##### Records provided #####

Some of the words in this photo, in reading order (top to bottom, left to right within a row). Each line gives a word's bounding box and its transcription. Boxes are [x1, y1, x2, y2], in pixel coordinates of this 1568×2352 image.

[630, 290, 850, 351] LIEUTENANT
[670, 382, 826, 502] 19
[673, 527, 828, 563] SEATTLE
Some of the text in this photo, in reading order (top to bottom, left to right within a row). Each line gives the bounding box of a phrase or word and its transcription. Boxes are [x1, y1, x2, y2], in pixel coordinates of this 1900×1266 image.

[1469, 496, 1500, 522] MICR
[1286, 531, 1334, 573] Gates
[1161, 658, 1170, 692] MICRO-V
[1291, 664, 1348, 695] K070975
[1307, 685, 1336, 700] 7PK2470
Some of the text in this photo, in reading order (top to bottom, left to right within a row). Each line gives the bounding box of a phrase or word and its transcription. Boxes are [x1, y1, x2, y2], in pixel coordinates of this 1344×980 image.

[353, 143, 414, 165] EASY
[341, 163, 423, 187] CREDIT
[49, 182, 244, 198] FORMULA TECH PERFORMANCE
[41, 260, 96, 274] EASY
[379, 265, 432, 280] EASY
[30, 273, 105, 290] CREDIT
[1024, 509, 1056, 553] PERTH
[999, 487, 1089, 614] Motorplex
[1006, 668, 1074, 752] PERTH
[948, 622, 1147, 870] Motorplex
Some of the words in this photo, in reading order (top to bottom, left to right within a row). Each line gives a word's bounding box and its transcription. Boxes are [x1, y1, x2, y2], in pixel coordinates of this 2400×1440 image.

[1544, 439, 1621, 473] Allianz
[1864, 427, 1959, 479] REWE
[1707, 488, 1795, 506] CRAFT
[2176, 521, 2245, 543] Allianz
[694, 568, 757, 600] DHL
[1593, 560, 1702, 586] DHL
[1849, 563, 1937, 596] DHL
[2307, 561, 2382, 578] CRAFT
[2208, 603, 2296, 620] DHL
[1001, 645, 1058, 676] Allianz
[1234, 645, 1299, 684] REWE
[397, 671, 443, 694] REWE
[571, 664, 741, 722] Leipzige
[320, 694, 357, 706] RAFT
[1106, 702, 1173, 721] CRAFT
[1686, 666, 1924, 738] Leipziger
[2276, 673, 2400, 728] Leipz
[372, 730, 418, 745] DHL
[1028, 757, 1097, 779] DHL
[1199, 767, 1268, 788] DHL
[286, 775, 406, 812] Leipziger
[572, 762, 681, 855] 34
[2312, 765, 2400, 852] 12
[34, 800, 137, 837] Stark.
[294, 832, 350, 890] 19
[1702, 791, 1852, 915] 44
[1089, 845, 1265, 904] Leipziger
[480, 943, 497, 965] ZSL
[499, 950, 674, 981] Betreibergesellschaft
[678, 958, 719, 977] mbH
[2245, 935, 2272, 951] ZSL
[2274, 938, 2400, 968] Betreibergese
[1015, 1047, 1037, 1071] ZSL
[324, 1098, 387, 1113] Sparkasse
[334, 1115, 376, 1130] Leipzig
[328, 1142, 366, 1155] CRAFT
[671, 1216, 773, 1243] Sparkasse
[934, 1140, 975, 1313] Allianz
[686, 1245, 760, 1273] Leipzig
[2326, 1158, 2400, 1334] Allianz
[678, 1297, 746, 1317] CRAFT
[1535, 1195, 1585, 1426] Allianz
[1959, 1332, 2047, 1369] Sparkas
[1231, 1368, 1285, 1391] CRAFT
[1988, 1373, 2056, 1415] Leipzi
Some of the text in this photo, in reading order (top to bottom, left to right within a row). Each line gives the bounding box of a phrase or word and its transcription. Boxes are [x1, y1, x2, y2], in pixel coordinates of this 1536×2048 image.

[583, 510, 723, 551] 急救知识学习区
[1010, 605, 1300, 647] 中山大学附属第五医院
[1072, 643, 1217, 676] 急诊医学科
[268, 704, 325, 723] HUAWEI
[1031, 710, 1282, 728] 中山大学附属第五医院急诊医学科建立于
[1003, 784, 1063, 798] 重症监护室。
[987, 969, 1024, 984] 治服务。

#####

Assigned task: Your task is to transcribe exactly the lines from the one with "this 1536×2048 image." through the end of the data, both included, and nothing besides.

Your solution:
Some of the text in this photo, in reading order (top to bottom, left to right within a row). Each line gives the bounding box of a phrase or word and its transcription. Boxes are [x1, y1, x2, y2], in pixel coordinates of this 1536×2048 image.

[583, 510, 723, 551] 急救知识学习区
[1010, 605, 1300, 647] 中山大学附属第五医院
[1072, 643, 1217, 676] 急诊医学科
[268, 704, 325, 723] HUAWEI
[1031, 710, 1282, 728] 中山大学附属第五医院急诊医学科建立于
[1003, 784, 1063, 798] 重症监护室。
[987, 969, 1024, 984] 治服务。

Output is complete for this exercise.